Most off the shelf hardware devices use a web app as their primary user interface however most currently do it either over HTTP or use HTTPS but with a self-signed certificate. This project offers a way for vendors to ship boxes which, on boot, will pick up a valid certificate from Lets Encrypt to allow their users to safely access them whatever network they are placed on.
This project is a proof of concept demo of the process I talk about in my blog post TLS certs for internal OTS hardware.

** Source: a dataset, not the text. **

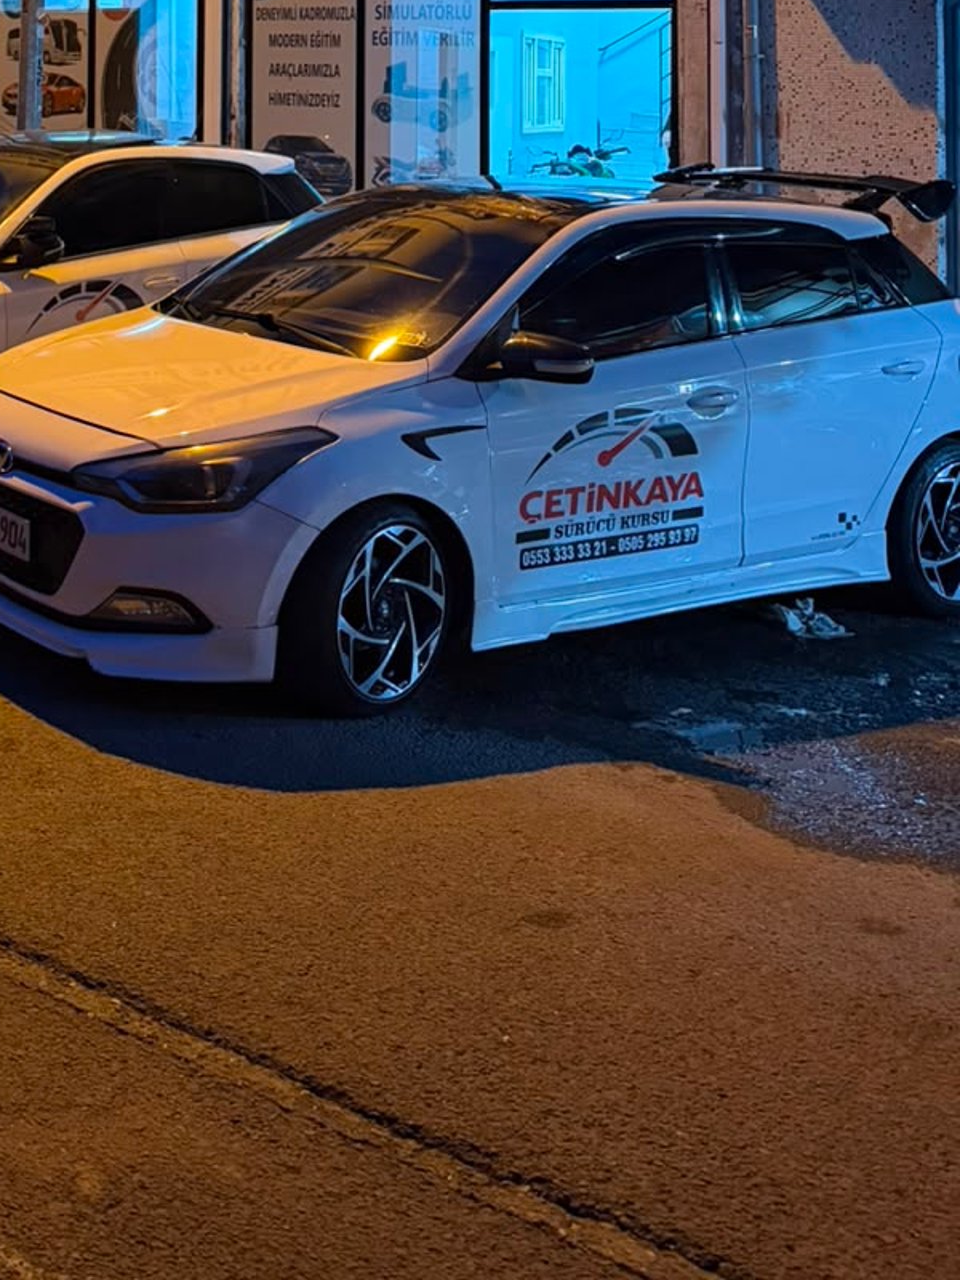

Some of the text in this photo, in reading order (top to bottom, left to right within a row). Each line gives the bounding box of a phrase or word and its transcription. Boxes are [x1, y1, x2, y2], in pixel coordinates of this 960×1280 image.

There is also an accompanying post on how to get this project working - TLS certs for internal OTS hardware - Proof of Concept - but here is a summary for those who want to get started without having to read all about it.

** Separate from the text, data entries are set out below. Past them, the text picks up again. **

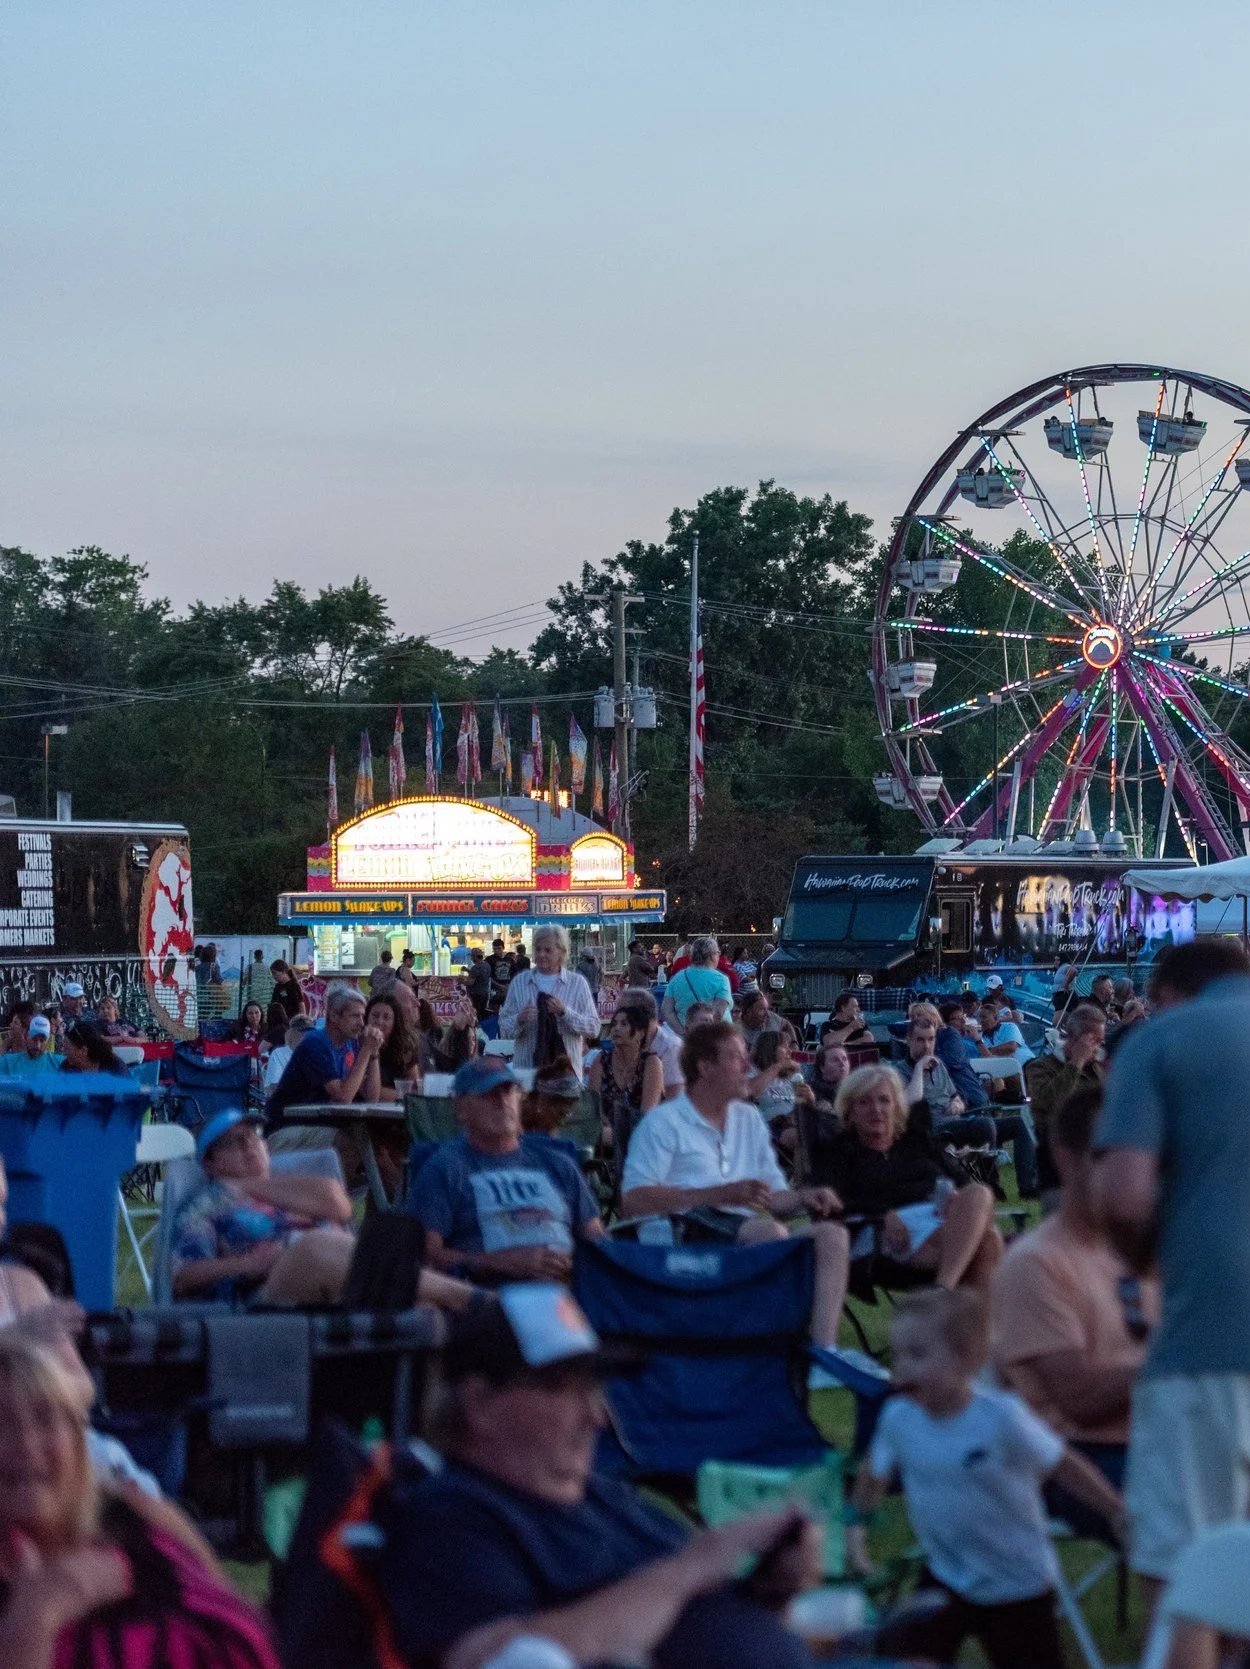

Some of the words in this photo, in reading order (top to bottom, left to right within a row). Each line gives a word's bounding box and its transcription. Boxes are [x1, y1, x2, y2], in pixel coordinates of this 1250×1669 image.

[18, 833, 52, 850] FESTIVALS
[24, 852, 53, 870] PARTIES
[17, 870, 53, 888] WEDDINGS
[21, 890, 54, 908] CATERING
[294, 900, 342, 913] LEMON
[345, 900, 404, 914] SHAKE-UPS
[416, 900, 478, 913] FUNNEL
[481, 899, 529, 912] CAKES
[602, 898, 629, 911] LEMON
[540, 902, 594, 914] DRINKS
[29, 909, 54, 927] EVENTS
[23, 928, 55, 946] MARKETS

To get started, you'll need:
- A domain to issue certificates for.
- A Cloudflare account and API key.
- A working Go environment
Clone the project:
go get -v github.com/digininja/ots-cert-demo
Build the server:
cd ~/go/src/github.com/digininja/ots-cert/server
go get -v ./...
go build
cp ots-cert-server.cfg-template ots-cert-server.cfg
Edit the config file ots-cert-server.cfg with your chosen domain name and API details.
Start up the server:
./server
INFO[0000] Starting the server
INFO[0000] No valid certificate found, going to create a new one
INFO[0010] Creating DNS record
INFO[0011] Starting web server on: https://otsserver.ots-cert.space:9443
Build the client:
cd ~/go/src/github.com/digininja/ots-cert/client
go get -v ./...
go build
cp ots-cert-client.cfg-template ots-cert-client.cfg
You will need to edit the config file so it has the right address for the server.
Run the client:
./client
INFO[0000] The hostname is: nifty-babbage.ots-cert.space
INFO[0010] The certificate was generated
INFO[0010] Setup complete, browse to https://nifty-babbage.ots-cert.space:8443
Browse to the client to check all is working:
curl https://nifty-babbage.ots-cert.space:8443
Congratulations, you should be viewing this over HTTPS on your custom domain.